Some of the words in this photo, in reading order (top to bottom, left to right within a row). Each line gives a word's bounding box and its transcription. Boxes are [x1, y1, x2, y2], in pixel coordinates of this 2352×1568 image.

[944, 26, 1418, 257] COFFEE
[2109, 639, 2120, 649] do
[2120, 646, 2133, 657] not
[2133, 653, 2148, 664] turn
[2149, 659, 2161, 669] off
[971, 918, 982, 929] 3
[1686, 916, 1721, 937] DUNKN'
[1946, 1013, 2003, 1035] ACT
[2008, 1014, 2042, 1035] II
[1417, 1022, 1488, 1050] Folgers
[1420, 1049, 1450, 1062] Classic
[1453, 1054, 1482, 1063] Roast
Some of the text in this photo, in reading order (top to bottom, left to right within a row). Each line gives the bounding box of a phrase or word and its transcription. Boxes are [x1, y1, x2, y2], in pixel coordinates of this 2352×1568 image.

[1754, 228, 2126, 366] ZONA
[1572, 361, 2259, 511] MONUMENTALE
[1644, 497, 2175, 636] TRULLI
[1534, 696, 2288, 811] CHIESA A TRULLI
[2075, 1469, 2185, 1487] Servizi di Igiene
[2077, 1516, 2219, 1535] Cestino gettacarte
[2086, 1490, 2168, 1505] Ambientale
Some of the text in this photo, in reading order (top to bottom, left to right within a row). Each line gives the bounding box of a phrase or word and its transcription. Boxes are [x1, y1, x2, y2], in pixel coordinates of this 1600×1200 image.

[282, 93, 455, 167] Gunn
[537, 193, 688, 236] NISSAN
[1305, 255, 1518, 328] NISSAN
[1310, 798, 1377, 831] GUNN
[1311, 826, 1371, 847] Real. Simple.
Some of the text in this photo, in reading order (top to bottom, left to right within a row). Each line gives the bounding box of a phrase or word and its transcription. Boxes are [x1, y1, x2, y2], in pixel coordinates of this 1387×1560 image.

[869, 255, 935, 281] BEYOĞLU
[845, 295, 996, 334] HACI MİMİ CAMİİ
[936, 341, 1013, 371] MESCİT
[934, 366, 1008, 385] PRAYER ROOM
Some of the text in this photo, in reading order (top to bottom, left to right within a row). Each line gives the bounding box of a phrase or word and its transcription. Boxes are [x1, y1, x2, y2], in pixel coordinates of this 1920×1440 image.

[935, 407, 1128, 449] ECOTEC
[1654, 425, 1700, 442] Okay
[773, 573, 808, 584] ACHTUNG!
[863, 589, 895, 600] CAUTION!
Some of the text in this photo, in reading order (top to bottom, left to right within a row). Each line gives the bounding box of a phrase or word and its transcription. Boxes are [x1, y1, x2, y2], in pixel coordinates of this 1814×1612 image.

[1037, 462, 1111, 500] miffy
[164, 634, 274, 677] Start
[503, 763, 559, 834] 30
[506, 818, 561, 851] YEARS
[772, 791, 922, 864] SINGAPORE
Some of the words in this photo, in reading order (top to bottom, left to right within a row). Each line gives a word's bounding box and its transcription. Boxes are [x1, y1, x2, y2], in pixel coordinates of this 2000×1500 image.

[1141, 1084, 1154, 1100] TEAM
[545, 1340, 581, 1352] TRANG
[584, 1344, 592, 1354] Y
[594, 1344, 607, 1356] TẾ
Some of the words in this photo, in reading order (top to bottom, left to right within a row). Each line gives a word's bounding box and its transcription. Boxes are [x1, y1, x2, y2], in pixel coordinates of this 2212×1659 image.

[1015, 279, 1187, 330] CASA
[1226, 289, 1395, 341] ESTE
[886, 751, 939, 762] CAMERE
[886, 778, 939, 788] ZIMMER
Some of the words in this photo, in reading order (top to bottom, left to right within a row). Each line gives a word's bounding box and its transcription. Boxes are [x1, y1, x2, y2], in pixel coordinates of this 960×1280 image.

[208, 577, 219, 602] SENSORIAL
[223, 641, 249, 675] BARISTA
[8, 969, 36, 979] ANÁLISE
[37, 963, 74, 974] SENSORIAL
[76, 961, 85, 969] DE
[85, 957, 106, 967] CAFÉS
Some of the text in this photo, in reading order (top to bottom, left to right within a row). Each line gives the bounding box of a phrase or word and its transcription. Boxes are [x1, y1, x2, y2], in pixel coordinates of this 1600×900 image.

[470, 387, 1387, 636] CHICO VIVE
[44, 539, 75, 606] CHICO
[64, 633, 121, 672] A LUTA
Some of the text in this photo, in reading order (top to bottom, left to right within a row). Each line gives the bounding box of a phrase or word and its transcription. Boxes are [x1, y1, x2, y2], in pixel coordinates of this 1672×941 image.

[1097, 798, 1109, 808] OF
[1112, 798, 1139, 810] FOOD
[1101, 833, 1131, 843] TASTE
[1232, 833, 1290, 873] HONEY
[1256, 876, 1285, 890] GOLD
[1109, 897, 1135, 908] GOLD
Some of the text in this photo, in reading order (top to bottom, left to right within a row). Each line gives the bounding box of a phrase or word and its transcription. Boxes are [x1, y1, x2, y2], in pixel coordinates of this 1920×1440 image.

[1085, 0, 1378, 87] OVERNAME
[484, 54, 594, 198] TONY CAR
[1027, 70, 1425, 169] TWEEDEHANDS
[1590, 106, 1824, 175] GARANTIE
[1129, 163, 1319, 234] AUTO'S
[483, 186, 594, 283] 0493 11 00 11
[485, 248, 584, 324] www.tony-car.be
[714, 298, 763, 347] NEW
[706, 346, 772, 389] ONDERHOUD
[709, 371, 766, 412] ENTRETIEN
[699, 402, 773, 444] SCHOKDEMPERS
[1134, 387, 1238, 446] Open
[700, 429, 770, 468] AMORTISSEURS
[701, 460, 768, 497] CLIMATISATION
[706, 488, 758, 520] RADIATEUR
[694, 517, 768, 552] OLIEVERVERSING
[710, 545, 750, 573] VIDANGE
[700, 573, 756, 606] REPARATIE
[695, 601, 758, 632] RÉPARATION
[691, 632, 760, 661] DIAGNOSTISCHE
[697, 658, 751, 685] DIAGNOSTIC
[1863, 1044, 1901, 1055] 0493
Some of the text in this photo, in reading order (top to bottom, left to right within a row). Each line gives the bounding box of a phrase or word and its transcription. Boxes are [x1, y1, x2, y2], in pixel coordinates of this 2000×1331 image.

******************************

#### EXERCISE DETAILS:
Print each entry above word for word, leaving none out.

#### COMPLETED TASK:
Some of the words in this photo, in reading order (top to bottom, left to right within a row). Each line gives a word's bounding box and its transcription. Boxes are [x1, y1, x2, y2], in pixel coordinates of this 2352×1568 image.

[944, 26, 1418, 257] COFFEE
[2109, 639, 2120, 649] do
[2120, 646, 2133, 657] not
[2133, 653, 2148, 664] turn
[2149, 659, 2161, 669] off
[971, 918, 982, 929] 3
[1686, 916, 1721, 937] DUNKN'
[1946, 1013, 2003, 1035] ACT
[2008, 1014, 2042, 1035] II
[1417, 1022, 1488, 1050] Folgers
[1420, 1049, 1450, 1062] Classic
[1453, 1054, 1482, 1063] Roast
Some of the text in this photo, in reading order (top to bottom, left to right within a row). Each line gives the bounding box of a phrase or word and its transcription. Boxes are [x1, y1, x2, y2], in pixel coordinates of this 2352×1568 image.

[1754, 228, 2126, 366] ZONA
[1572, 361, 2259, 511] MONUMENTALE
[1644, 497, 2175, 636] TRULLI
[1534, 696, 2288, 811] CHIESA A TRULLI
[2075, 1469, 2185, 1487] Servizi di Igiene
[2077, 1516, 2219, 1535] Cestino gettacarte
[2086, 1490, 2168, 1505] Ambientale
Some of the text in this photo, in reading order (top to bottom, left to right within a row). Each line gives the bounding box of a phrase or word and its transcription. Boxes are [x1, y1, x2, y2], in pixel coordinates of this 1600×1200 image.

[282, 93, 455, 167] Gunn
[537, 193, 688, 236] NISSAN
[1305, 255, 1518, 328] NISSAN
[1310, 798, 1377, 831] GUNN
[1311, 826, 1371, 847] Real. Simple.
Some of the text in this photo, in reading order (top to bottom, left to right within a row). Each line gives the bounding box of a phrase or word and its transcription. Boxes are [x1, y1, x2, y2], in pixel coordinates of this 1387×1560 image.

[869, 255, 935, 281] BEYOĞLU
[845, 295, 996, 334] HACI MİMİ CAMİİ
[936, 341, 1013, 371] MESCİT
[934, 366, 1008, 385] PRAYER ROOM
Some of the text in this photo, in reading order (top to bottom, left to right within a row). Each line gives the bounding box of a phrase or word and its transcription. Boxes are [x1, y1, x2, y2], in pixel coordinates of this 1920×1440 image.

[935, 407, 1128, 449] ECOTEC
[1654, 425, 1700, 442] Okay
[773, 573, 808, 584] ACHTUNG!
[863, 589, 895, 600] CAUTION!
Some of the text in this photo, in reading order (top to bottom, left to right within a row). Each line gives the bounding box of a phrase or word and its transcription. Boxes are [x1, y1, x2, y2], in pixel coordinates of this 1814×1612 image.

[1037, 462, 1111, 500] miffy
[164, 634, 274, 677] Start
[503, 763, 559, 834] 30
[506, 818, 561, 851] YEARS
[772, 791, 922, 864] SINGAPORE
Some of the words in this photo, in reading order (top to bottom, left to right within a row). Each line gives a word's bounding box and its transcription. Boxes are [x1, y1, x2, y2], in pixel coordinates of this 2000×1500 image.

[1141, 1084, 1154, 1100] TEAM
[545, 1340, 581, 1352] TRANG
[584, 1344, 592, 1354] Y
[594, 1344, 607, 1356] TẾ
Some of the words in this photo, in reading order (top to bottom, left to right within a row). Each line gives a word's bounding box and its transcription. Boxes are [x1, y1, x2, y2], in pixel coordinates of this 2212×1659 image.

[1015, 279, 1187, 330] CASA
[1226, 289, 1395, 341] ESTE
[886, 751, 939, 762] CAMERE
[886, 778, 939, 788] ZIMMER
Some of the words in this photo, in reading order (top to bottom, left to right within a row). Each line gives a word's bounding box and its transcription. Boxes are [x1, y1, x2, y2], in pixel coordinates of this 960×1280 image.

[208, 577, 219, 602] SENSORIAL
[223, 641, 249, 675] BARISTA
[8, 969, 36, 979] ANÁLISE
[37, 963, 74, 974] SENSORIAL
[76, 961, 85, 969] DE
[85, 957, 106, 967] CAFÉS
Some of the text in this photo, in reading order (top to bottom, left to right within a row). Each line gives the bounding box of a phrase or word and its transcription. Boxes are [x1, y1, x2, y2], in pixel coordinates of this 1600×900 image.

[470, 387, 1387, 636] CHICO VIVE
[44, 539, 75, 606] CHICO
[64, 633, 121, 672] A LUTA
Some of the text in this photo, in reading order (top to bottom, left to right within a row). Each line gives the bounding box of a phrase or word and its transcription. Boxes are [x1, y1, x2, y2], in pixel coordinates of this 1672×941 image.

[1097, 798, 1109, 808] OF
[1112, 798, 1139, 810] FOOD
[1101, 833, 1131, 843] TASTE
[1232, 833, 1290, 873] HONEY
[1256, 876, 1285, 890] GOLD
[1109, 897, 1135, 908] GOLD
Some of the text in this photo, in reading order (top to bottom, left to right within a row). Each line gives the bounding box of a phrase or word and its transcription. Boxes are [x1, y1, x2, y2], in pixel coordinates of this 1920×1440 image.

[1085, 0, 1378, 87] OVERNAME
[484, 54, 594, 198] TONY CAR
[1027, 70, 1425, 169] TWEEDEHANDS
[1590, 106, 1824, 175] GARANTIE
[1129, 163, 1319, 234] AUTO'S
[483, 186, 594, 283] 0493 11 00 11
[485, 248, 584, 324] www.tony-car.be
[714, 298, 763, 347] NEW
[706, 346, 772, 389] ONDERHOUD
[709, 371, 766, 412] ENTRETIEN
[699, 402, 773, 444] SCHOKDEMPERS
[1134, 387, 1238, 446] Open
[700, 429, 770, 468] AMORTISSEURS
[701, 460, 768, 497] CLIMATISATION
[706, 488, 758, 520] RADIATEUR
[694, 517, 768, 552] OLIEVERVERSING
[710, 545, 750, 573] VIDANGE
[700, 573, 756, 606] REPARATIE
[695, 601, 758, 632] RÉPARATION
[691, 632, 760, 661] DIAGNOSTISCHE
[697, 658, 751, 685] DIAGNOSTIC
[1863, 1044, 1901, 1055] 0493
Some of the text in this photo, in reading order (top to bottom, left to right within a row). Each line gives the bounding box of a phrase or word and its transcription. Boxes are [x1, y1, x2, y2], in pixel coordinates of this 2000×1331 image.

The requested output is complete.